◆ Material shown:
......

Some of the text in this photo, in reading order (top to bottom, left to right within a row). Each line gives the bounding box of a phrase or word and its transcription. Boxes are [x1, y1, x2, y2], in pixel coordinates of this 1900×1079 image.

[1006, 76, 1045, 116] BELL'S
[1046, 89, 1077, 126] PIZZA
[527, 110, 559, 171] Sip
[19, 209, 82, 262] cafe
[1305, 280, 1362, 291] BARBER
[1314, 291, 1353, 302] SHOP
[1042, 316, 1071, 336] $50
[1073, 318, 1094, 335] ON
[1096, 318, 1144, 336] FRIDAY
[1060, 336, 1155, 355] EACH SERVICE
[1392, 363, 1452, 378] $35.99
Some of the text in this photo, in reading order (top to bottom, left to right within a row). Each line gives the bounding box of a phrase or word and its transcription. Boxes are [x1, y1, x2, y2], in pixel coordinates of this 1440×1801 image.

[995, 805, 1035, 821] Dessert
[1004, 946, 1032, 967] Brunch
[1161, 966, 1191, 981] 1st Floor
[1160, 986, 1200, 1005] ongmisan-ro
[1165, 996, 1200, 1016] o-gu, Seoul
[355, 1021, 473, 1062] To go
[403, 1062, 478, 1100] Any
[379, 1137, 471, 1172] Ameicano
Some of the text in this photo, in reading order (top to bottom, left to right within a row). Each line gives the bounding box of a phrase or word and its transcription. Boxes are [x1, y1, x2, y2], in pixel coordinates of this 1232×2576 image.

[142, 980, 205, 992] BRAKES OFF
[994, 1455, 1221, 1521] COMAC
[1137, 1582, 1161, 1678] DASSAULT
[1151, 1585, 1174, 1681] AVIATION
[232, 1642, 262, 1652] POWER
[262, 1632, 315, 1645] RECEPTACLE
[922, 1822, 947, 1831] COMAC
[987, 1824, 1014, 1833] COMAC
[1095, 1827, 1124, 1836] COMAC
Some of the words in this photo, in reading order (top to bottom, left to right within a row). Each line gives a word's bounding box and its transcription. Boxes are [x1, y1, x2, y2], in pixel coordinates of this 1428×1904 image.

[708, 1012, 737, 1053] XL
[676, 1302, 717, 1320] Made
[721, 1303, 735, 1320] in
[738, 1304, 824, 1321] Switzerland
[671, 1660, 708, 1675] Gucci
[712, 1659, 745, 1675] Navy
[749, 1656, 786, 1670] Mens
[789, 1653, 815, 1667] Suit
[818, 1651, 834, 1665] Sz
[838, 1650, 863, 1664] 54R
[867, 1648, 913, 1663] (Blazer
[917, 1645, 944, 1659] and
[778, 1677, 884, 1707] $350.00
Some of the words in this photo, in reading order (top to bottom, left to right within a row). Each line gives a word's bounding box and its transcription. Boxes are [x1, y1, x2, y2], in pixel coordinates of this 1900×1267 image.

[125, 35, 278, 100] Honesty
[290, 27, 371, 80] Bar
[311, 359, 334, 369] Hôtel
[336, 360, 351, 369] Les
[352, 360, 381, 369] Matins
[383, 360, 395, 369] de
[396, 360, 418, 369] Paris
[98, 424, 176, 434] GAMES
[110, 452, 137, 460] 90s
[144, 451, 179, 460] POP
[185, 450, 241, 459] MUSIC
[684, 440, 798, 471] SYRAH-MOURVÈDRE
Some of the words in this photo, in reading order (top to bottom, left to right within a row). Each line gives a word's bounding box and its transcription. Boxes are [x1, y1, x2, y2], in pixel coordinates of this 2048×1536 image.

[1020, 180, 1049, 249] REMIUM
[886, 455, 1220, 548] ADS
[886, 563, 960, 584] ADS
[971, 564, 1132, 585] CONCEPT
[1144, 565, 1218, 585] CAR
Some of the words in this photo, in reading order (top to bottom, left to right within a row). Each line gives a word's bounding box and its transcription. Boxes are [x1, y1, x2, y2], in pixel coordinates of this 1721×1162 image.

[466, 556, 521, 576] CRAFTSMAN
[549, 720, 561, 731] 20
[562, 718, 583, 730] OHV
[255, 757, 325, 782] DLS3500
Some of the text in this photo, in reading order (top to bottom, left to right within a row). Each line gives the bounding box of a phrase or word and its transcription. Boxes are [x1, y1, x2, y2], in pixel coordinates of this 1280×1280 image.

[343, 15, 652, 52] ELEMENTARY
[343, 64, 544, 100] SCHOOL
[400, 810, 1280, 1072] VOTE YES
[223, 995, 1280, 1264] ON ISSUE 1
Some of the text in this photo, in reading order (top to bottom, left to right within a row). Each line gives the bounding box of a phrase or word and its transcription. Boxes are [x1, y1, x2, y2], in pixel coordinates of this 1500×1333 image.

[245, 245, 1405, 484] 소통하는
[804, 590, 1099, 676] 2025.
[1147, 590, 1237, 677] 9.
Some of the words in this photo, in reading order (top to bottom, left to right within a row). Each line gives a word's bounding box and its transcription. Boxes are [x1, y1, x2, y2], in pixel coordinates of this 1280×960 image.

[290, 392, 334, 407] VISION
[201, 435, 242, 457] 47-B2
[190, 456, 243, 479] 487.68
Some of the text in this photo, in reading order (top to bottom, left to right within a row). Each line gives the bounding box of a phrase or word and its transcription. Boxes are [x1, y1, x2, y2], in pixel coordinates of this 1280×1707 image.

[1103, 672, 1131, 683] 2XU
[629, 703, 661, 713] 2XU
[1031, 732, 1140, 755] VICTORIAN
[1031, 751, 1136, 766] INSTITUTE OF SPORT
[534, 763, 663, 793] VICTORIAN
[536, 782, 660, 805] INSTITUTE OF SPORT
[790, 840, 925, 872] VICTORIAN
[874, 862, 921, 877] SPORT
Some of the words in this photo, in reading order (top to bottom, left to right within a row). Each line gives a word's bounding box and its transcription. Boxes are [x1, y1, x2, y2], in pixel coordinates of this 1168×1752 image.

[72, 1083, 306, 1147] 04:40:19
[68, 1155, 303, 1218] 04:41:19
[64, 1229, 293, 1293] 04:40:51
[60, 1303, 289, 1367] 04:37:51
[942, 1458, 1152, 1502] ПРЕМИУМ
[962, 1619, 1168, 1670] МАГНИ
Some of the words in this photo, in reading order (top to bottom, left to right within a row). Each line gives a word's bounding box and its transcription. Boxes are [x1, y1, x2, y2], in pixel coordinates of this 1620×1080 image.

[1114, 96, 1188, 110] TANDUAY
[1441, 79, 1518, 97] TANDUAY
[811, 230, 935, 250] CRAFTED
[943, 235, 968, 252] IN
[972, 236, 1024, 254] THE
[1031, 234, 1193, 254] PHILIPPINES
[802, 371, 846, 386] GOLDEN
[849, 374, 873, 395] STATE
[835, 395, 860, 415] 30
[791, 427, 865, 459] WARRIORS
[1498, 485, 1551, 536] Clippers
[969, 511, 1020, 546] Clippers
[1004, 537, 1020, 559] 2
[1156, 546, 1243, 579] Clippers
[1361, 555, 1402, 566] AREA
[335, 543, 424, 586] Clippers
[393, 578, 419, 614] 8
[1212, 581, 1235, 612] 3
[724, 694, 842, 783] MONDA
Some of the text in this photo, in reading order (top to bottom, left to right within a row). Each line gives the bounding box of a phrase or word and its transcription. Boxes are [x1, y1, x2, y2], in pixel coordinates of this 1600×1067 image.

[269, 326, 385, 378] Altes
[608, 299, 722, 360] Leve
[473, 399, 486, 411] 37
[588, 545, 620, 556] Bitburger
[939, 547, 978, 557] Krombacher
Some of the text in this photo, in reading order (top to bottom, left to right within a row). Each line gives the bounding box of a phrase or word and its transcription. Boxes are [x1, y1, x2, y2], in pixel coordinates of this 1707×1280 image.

......

◆ Your objective: Write the entries above out again, verbatim.

◆ Solution for this task:
Some of the text in this photo, in reading order (top to bottom, left to right within a row). Each line gives the bounding box of a phrase or word and its transcription. Boxes are [x1, y1, x2, y2], in pixel coordinates of this 1900×1079 image.

[1006, 76, 1045, 116] BELL'S
[1046, 89, 1077, 126] PIZZA
[527, 110, 559, 171] Sip
[19, 209, 82, 262] cafe
[1305, 280, 1362, 291] BARBER
[1314, 291, 1353, 302] SHOP
[1042, 316, 1071, 336] $50
[1073, 318, 1094, 335] ON
[1096, 318, 1144, 336] FRIDAY
[1060, 336, 1155, 355] EACH SERVICE
[1392, 363, 1452, 378] $35.99
Some of the text in this photo, in reading order (top to bottom, left to right within a row). Each line gives the bounding box of a phrase or word and its transcription. Boxes are [x1, y1, x2, y2], in pixel coordinates of this 1440×1801 image.

[995, 805, 1035, 821] Dessert
[1004, 946, 1032, 967] Brunch
[1161, 966, 1191, 981] 1st Floor
[1160, 986, 1200, 1005] ongmisan-ro
[1165, 996, 1200, 1016] o-gu, Seoul
[355, 1021, 473, 1062] To go
[403, 1062, 478, 1100] Any
[379, 1137, 471, 1172] Ameicano
Some of the text in this photo, in reading order (top to bottom, left to right within a row). Each line gives the bounding box of a phrase or word and its transcription. Boxes are [x1, y1, x2, y2], in pixel coordinates of this 1232×2576 image.

[142, 980, 205, 992] BRAKES OFF
[994, 1455, 1221, 1521] COMAC
[1137, 1582, 1161, 1678] DASSAULT
[1151, 1585, 1174, 1681] AVIATION
[232, 1642, 262, 1652] POWER
[262, 1632, 315, 1645] RECEPTACLE
[922, 1822, 947, 1831] COMAC
[987, 1824, 1014, 1833] COMAC
[1095, 1827, 1124, 1836] COMAC
Some of the words in this photo, in reading order (top to bottom, left to right within a row). Each line gives a word's bounding box and its transcription. Boxes are [x1, y1, x2, y2], in pixel coordinates of this 1428×1904 image.

[708, 1012, 737, 1053] XL
[676, 1302, 717, 1320] Made
[721, 1303, 735, 1320] in
[738, 1304, 824, 1321] Switzerland
[671, 1660, 708, 1675] Gucci
[712, 1659, 745, 1675] Navy
[749, 1656, 786, 1670] Mens
[789, 1653, 815, 1667] Suit
[818, 1651, 834, 1665] Sz
[838, 1650, 863, 1664] 54R
[867, 1648, 913, 1663] (Blazer
[917, 1645, 944, 1659] and
[778, 1677, 884, 1707] $350.00
Some of the words in this photo, in reading order (top to bottom, left to right within a row). Each line gives a word's bounding box and its transcription. Boxes are [x1, y1, x2, y2], in pixel coordinates of this 1900×1267 image.

[125, 35, 278, 100] Honesty
[290, 27, 371, 80] Bar
[311, 359, 334, 369] Hôtel
[336, 360, 351, 369] Les
[352, 360, 381, 369] Matins
[383, 360, 395, 369] de
[396, 360, 418, 369] Paris
[98, 424, 176, 434] GAMES
[110, 452, 137, 460] 90s
[144, 451, 179, 460] POP
[185, 450, 241, 459] MUSIC
[684, 440, 798, 471] SYRAH-MOURVÈDRE
Some of the words in this photo, in reading order (top to bottom, left to right within a row). Each line gives a word's bounding box and its transcription. Boxes are [x1, y1, x2, y2], in pixel coordinates of this 2048×1536 image.

[1020, 180, 1049, 249] REMIUM
[886, 455, 1220, 548] ADS
[886, 563, 960, 584] ADS
[971, 564, 1132, 585] CONCEPT
[1144, 565, 1218, 585] CAR
Some of the words in this photo, in reading order (top to bottom, left to right within a row). Each line gives a word's bounding box and its transcription. Boxes are [x1, y1, x2, y2], in pixel coordinates of this 1721×1162 image.

[466, 556, 521, 576] CRAFTSMAN
[549, 720, 561, 731] 20
[562, 718, 583, 730] OHV
[255, 757, 325, 782] DLS3500
Some of the text in this photo, in reading order (top to bottom, left to right within a row). Each line gives the bounding box of a phrase or word and its transcription. Boxes are [x1, y1, x2, y2], in pixel coordinates of this 1280×1280 image.

[343, 15, 652, 52] ELEMENTARY
[343, 64, 544, 100] SCHOOL
[400, 810, 1280, 1072] VOTE YES
[223, 995, 1280, 1264] ON ISSUE 1
Some of the text in this photo, in reading order (top to bottom, left to right within a row). Each line gives the bounding box of a phrase or word and its transcription. Boxes are [x1, y1, x2, y2], in pixel coordinates of this 1500×1333 image.

[245, 245, 1405, 484] 소통하는
[804, 590, 1099, 676] 2025.
[1147, 590, 1237, 677] 9.
Some of the words in this photo, in reading order (top to bottom, left to right within a row). Each line gives a word's bounding box and its transcription. Boxes are [x1, y1, x2, y2], in pixel coordinates of this 1280×960 image.

[290, 392, 334, 407] VISION
[201, 435, 242, 457] 47-B2
[190, 456, 243, 479] 487.68
Some of the text in this photo, in reading order (top to bottom, left to right within a row). Each line gives the bounding box of a phrase or word and its transcription. Boxes are [x1, y1, x2, y2], in pixel coordinates of this 1280×1707 image.

[1103, 672, 1131, 683] 2XU
[629, 703, 661, 713] 2XU
[1031, 732, 1140, 755] VICTORIAN
[1031, 751, 1136, 766] INSTITUTE OF SPORT
[534, 763, 663, 793] VICTORIAN
[536, 782, 660, 805] INSTITUTE OF SPORT
[790, 840, 925, 872] VICTORIAN
[874, 862, 921, 877] SPORT
Some of the words in this photo, in reading order (top to bottom, left to right within a row). Each line gives a word's bounding box and its transcription. Boxes are [x1, y1, x2, y2], in pixel coordinates of this 1168×1752 image.

[72, 1083, 306, 1147] 04:40:19
[68, 1155, 303, 1218] 04:41:19
[64, 1229, 293, 1293] 04:40:51
[60, 1303, 289, 1367] 04:37:51
[942, 1458, 1152, 1502] ПРЕМИУМ
[962, 1619, 1168, 1670] МАГНИ
Some of the words in this photo, in reading order (top to bottom, left to right within a row). Each line gives a word's bounding box and its transcription. Boxes are [x1, y1, x2, y2], in pixel coordinates of this 1620×1080 image.

[1114, 96, 1188, 110] TANDUAY
[1441, 79, 1518, 97] TANDUAY
[811, 230, 935, 250] CRAFTED
[943, 235, 968, 252] IN
[972, 236, 1024, 254] THE
[1031, 234, 1193, 254] PHILIPPINES
[802, 371, 846, 386] GOLDEN
[849, 374, 873, 395] STATE
[835, 395, 860, 415] 30
[791, 427, 865, 459] WARRIORS
[1498, 485, 1551, 536] Clippers
[969, 511, 1020, 546] Clippers
[1004, 537, 1020, 559] 2
[1156, 546, 1243, 579] Clippers
[1361, 555, 1402, 566] AREA
[335, 543, 424, 586] Clippers
[393, 578, 419, 614] 8
[1212, 581, 1235, 612] 3
[724, 694, 842, 783] MONDA
Some of the text in this photo, in reading order (top to bottom, left to right within a row). Each line gives the bounding box of a phrase or word and its transcription. Boxes are [x1, y1, x2, y2], in pixel coordinates of this 1600×1067 image.

[269, 326, 385, 378] Altes
[608, 299, 722, 360] Leve
[473, 399, 486, 411] 37
[588, 545, 620, 556] Bitburger
[939, 547, 978, 557] Krombacher
Some of the text in this photo, in reading order (top to bottom, left to right within a row). Each line gives the bounding box of a phrase or word and its transcription. Boxes are [x1, y1, x2, y2], in pixel coordinates of this 1707×1280 image.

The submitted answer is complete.